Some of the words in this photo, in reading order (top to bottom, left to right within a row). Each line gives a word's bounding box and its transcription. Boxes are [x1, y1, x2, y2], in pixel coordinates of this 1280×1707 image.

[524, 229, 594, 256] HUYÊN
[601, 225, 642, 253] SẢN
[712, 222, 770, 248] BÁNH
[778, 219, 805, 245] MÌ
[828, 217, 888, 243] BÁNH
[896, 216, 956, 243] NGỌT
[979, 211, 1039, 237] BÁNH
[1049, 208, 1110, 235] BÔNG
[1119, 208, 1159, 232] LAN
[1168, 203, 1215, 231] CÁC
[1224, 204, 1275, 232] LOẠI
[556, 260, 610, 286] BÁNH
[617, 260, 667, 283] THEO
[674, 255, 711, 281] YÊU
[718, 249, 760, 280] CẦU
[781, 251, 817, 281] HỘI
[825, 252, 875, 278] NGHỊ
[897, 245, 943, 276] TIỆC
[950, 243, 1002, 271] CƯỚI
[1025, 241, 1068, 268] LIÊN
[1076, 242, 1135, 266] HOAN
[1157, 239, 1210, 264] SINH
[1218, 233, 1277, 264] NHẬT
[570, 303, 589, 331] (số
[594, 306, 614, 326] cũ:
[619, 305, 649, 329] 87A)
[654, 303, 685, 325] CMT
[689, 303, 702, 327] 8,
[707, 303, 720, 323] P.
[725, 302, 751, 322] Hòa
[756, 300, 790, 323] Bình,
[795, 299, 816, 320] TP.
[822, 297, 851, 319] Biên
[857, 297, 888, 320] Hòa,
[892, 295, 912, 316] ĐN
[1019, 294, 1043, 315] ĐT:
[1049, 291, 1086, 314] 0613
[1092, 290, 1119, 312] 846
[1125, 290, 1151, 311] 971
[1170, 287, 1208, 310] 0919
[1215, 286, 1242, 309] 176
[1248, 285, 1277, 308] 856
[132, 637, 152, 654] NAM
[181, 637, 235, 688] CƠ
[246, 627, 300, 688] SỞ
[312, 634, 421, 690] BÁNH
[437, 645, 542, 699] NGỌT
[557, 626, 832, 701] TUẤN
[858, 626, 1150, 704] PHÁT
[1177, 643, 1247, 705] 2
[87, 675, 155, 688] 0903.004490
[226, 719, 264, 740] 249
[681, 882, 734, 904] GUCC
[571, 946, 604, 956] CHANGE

---

=== Task to complete ===
In your reply, restate every entry exactly.

=== Written answer ===
Some of the words in this photo, in reading order (top to bottom, left to right within a row). Each line gives a word's bounding box and its transcription. Boxes are [x1, y1, x2, y2], in pixel coordinates of this 1280×1707 image.

[524, 229, 594, 256] HUYÊN
[601, 225, 642, 253] SẢN
[712, 222, 770, 248] BÁNH
[778, 219, 805, 245] MÌ
[828, 217, 888, 243] BÁNH
[896, 216, 956, 243] NGỌT
[979, 211, 1039, 237] BÁNH
[1049, 208, 1110, 235] BÔNG
[1119, 208, 1159, 232] LAN
[1168, 203, 1215, 231] CÁC
[1224, 204, 1275, 232] LOẠI
[556, 260, 610, 286] BÁNH
[617, 260, 667, 283] THEO
[674, 255, 711, 281] YÊU
[718, 249, 760, 280] CẦU
[781, 251, 817, 281] HỘI
[825, 252, 875, 278] NGHỊ
[897, 245, 943, 276] TIỆC
[950, 243, 1002, 271] CƯỚI
[1025, 241, 1068, 268] LIÊN
[1076, 242, 1135, 266] HOAN
[1157, 239, 1210, 264] SINH
[1218, 233, 1277, 264] NHẬT
[570, 303, 589, 331] (số
[594, 306, 614, 326] cũ:
[619, 305, 649, 329] 87A)
[654, 303, 685, 325] CMT
[689, 303, 702, 327] 8,
[707, 303, 720, 323] P.
[725, 302, 751, 322] Hòa
[756, 300, 790, 323] Bình,
[795, 299, 816, 320] TP.
[822, 297, 851, 319] Biên
[857, 297, 888, 320] Hòa,
[892, 295, 912, 316] ĐN
[1019, 294, 1043, 315] ĐT:
[1049, 291, 1086, 314] 0613
[1092, 290, 1119, 312] 846
[1125, 290, 1151, 311] 971
[1170, 287, 1208, 310] 0919
[1215, 286, 1242, 309] 176
[1248, 285, 1277, 308] 856
[132, 637, 152, 654] NAM
[181, 637, 235, 688] CƠ
[246, 627, 300, 688] SỞ
[312, 634, 421, 690] BÁNH
[437, 645, 542, 699] NGỌT
[557, 626, 832, 701] TUẤN
[858, 626, 1150, 704] PHÁT
[1177, 643, 1247, 705] 2
[87, 675, 155, 688] 0903.004490
[226, 719, 264, 740] 249
[681, 882, 734, 904] GUCC
[571, 946, 604, 956] CHANGE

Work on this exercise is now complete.